Oxide Heterostructures for Efficient Solar Cells
Authors: Elias Assmann1, Peter Blaha2, Robert Laskowski2, Karsten Held1, Satoshi Okamoto3, Giorgio Sangiovanni1,4
1Institute of Solid State Physics, Vienna University of Technology, Austria
2Institute of Materials Chemistry, Vienna University of Technology, Austria
3Materials Science and Technology Division, Oak Ridge National Laboratory, USA
4Institut fuer Theoretische Physik und Astrophysik, Universitaet Wuerzburg, Germany
Sunlight is a very promising source of renewable energy, but a number of "structural'' upper bounds limit the efficiency of solar cells in principle and in practice. The most important effect concerns the band gap of the absorber material: Those photons with energy smaller than the gap cannot be absorbed and are wasted. At the same time, relaxation effects come into play, and energy in excess of the gap is released to the lattice by the electrons and holes excited by photons. Including further losses from smaller effects like black-body radiation and radiative recombination, the efficiency of single-junction solar cells is limited to about 34%, a number known as the Shockley-Queisser limit [1,2].

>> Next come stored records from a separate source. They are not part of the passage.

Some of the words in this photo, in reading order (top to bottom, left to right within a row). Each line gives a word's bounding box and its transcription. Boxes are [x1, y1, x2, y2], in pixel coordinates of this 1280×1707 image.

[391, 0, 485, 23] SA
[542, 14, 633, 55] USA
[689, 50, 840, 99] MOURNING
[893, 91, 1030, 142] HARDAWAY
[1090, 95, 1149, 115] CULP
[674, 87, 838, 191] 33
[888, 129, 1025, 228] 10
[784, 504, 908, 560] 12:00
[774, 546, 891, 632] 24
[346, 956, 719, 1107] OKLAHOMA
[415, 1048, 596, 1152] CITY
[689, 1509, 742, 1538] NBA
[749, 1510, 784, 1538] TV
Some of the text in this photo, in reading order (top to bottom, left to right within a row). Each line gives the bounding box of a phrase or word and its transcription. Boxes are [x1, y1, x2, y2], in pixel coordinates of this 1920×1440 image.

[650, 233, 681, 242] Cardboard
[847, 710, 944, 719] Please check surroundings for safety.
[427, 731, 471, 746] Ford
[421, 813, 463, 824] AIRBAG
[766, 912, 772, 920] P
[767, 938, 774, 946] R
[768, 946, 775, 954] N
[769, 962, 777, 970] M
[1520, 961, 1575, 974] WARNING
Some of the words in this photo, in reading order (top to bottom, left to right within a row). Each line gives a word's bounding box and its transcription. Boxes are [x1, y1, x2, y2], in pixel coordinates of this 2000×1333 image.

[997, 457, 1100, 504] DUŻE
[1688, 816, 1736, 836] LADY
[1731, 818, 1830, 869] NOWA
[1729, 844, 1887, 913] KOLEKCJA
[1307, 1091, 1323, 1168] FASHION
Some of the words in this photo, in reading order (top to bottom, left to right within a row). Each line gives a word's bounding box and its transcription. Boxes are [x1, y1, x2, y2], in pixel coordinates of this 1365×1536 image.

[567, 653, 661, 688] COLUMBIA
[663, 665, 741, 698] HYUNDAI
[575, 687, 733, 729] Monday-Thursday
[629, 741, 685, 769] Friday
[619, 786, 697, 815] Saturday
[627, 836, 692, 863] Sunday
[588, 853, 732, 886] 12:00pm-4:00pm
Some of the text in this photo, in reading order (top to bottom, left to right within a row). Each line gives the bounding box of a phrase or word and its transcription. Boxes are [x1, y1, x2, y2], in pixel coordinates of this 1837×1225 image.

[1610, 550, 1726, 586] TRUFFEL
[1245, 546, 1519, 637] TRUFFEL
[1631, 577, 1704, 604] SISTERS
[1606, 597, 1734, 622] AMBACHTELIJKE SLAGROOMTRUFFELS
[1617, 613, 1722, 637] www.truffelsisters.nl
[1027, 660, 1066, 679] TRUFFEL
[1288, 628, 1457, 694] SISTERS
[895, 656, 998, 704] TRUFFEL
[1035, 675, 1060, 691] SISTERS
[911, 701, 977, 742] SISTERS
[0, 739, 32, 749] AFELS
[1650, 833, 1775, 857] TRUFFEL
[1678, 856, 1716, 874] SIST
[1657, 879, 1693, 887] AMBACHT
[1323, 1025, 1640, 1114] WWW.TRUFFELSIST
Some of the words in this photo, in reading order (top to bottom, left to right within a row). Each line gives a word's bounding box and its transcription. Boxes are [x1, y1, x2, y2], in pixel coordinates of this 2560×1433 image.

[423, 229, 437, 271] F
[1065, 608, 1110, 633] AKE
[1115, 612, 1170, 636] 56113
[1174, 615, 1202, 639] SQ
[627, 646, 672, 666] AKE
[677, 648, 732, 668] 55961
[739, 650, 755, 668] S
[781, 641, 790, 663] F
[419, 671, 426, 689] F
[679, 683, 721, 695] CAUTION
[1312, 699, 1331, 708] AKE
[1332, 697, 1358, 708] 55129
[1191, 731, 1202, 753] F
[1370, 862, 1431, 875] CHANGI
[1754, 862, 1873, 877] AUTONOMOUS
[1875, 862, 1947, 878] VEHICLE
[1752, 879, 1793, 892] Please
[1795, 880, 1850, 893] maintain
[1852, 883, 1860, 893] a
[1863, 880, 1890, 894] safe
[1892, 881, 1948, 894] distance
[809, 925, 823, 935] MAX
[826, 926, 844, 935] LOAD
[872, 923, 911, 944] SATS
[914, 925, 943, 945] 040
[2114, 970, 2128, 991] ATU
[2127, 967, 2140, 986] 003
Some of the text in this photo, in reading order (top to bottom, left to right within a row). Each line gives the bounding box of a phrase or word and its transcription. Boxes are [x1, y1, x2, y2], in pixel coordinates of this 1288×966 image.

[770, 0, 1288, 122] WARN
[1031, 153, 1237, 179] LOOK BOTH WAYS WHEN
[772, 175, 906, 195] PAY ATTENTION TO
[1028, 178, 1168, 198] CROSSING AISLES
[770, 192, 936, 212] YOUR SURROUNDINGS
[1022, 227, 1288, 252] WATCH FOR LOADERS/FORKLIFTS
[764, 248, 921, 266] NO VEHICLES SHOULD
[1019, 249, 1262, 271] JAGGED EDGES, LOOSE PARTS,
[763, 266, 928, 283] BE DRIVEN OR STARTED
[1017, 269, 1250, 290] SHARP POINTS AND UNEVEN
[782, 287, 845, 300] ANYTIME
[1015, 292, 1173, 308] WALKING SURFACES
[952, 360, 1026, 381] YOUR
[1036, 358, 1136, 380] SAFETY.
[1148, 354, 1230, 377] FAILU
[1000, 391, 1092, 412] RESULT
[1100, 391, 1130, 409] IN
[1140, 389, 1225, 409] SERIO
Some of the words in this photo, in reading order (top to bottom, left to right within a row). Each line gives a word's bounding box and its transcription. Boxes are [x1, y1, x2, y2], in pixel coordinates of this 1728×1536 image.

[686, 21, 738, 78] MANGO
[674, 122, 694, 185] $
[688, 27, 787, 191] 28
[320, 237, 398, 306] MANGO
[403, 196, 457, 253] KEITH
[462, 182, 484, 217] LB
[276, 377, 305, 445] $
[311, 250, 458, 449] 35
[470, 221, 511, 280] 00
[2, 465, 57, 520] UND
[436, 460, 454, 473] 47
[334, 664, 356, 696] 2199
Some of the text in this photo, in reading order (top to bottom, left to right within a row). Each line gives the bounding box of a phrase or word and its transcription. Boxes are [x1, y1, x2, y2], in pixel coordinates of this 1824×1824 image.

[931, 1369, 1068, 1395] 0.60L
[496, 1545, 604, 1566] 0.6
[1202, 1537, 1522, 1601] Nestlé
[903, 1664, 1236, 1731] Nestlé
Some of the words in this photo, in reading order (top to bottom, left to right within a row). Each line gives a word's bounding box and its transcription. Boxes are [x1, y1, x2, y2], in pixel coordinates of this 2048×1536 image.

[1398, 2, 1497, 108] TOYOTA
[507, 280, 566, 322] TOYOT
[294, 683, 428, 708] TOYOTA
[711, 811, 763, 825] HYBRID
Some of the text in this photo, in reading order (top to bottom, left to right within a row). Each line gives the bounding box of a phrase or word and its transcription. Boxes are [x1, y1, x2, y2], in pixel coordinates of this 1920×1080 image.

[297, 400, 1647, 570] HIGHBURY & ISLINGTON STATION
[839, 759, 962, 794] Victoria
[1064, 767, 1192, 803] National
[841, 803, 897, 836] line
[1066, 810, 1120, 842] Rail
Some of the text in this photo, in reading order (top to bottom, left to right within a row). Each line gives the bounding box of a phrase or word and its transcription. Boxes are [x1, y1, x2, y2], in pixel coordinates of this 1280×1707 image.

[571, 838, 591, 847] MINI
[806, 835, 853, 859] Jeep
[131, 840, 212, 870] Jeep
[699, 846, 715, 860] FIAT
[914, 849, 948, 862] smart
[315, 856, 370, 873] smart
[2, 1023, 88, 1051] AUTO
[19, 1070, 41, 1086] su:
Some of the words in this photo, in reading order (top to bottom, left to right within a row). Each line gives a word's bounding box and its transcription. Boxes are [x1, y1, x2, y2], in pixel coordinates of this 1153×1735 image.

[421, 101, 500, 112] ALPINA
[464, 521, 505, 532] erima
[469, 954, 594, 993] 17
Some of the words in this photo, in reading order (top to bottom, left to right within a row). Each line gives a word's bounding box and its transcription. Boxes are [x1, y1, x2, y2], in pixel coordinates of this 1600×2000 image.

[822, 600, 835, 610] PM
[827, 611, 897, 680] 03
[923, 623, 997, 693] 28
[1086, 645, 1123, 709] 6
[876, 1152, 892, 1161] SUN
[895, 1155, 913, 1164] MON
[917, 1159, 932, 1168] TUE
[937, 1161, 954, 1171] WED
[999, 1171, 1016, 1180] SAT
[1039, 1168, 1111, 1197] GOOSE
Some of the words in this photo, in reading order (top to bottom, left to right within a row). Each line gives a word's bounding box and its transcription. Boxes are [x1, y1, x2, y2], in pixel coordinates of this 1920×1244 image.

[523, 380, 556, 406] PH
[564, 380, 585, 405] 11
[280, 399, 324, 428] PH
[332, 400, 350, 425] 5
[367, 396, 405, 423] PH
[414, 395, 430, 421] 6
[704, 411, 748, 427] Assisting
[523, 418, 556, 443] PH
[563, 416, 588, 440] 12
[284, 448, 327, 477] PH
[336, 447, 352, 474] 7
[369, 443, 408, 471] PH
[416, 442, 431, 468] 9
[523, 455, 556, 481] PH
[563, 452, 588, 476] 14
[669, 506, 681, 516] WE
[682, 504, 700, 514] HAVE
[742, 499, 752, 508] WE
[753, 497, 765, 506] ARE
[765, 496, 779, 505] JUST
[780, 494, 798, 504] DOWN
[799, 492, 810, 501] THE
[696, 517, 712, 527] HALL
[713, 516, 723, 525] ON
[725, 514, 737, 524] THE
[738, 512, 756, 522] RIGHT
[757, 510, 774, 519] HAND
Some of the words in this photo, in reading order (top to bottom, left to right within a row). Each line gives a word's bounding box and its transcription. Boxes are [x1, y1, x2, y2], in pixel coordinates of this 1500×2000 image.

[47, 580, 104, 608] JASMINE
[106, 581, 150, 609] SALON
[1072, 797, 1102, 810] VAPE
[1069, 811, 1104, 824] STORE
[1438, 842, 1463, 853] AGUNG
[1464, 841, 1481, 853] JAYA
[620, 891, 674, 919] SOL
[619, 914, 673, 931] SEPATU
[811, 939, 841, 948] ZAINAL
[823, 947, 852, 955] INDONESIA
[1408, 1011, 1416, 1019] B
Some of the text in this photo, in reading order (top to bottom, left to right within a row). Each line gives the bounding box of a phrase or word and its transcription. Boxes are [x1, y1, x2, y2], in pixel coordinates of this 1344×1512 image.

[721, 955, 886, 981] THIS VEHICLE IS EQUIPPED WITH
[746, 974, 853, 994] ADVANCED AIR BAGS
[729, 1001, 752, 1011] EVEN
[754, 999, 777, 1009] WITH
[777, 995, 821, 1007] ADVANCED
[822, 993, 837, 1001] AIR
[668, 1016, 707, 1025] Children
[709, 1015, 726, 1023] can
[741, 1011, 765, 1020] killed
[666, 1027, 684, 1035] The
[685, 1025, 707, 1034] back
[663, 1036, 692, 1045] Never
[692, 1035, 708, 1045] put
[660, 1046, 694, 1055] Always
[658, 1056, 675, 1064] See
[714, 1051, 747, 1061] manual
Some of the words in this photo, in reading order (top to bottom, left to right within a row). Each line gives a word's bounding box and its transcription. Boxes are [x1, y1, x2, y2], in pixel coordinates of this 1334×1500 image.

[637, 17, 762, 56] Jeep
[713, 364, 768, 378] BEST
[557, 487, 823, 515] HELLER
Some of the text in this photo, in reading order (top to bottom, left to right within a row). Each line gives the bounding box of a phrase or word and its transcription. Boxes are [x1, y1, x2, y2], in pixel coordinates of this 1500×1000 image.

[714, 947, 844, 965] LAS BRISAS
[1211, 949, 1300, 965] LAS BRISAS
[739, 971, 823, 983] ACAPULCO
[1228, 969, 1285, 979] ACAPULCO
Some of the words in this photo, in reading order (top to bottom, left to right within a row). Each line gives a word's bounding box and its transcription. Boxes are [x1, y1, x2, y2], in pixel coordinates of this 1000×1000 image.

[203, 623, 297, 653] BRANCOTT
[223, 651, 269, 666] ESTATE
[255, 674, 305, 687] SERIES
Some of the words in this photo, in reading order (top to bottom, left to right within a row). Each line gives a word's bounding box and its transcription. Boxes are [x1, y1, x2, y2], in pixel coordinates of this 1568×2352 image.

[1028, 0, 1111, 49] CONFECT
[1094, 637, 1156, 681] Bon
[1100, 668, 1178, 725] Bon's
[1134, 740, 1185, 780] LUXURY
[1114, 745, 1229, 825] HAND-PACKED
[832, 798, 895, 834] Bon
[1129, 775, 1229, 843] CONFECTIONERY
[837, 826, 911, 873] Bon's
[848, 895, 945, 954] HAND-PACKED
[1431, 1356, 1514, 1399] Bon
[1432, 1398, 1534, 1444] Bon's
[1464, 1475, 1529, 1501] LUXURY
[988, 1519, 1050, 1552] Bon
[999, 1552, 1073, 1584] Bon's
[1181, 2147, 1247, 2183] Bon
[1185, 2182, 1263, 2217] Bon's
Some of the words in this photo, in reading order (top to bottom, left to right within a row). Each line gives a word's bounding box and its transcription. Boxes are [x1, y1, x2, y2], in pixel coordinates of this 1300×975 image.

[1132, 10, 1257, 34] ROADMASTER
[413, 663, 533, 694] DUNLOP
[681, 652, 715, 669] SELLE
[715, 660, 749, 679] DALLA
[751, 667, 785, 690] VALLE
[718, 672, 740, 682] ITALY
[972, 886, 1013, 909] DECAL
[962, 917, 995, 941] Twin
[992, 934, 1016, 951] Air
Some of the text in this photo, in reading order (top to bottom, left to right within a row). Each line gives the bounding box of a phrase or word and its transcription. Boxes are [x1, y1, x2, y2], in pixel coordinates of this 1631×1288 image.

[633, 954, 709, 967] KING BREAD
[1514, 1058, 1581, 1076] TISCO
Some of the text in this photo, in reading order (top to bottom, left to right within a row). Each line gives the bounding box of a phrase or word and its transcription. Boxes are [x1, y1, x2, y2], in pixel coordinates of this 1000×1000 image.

However, considering the scale of solar cell production and of global photovoltaic installations , even small improvements on the final efficiency of the devices have a huge economical and environmental impact and are intensively pursued by industry. In particular, a big effort concentrates on the reduction of the so-called Shockley-Read-Hall electron-hole recombination due to "trap'' states provided by lattice defects and, in general, of any other intrinsic mechanism opposing electron-hole separation.
Working to achieve higher efficiencies, the community is on the one hand trying to further optimize established technologies, such as those based on crystalline silicon, but on the other hand the search for new, more efficient absorber materials goes on.
Oxide heterostructures are artificial crystals combining different materials. The excitement about them stems from the fact that, using techniques such as pulsed laser deposition (PLD) or molecular beam epitaxy (MBE), scientists can combine a wide range of different compounds with atomic precision like Lego blocks. A ground-breaking discovery was made a decade ago by Ohtomo and Hwang [5,6]: The interface between the insulators SrTiO3 and LaAlO3 can be conducting. Thereafter, an intense research concentrated on layered oxide heterostructures. The aim has been not only to engender new physical effects that are absent in the constituent bulk materials, but also to design tailor-made materials and tune specific properties for desired functionalities.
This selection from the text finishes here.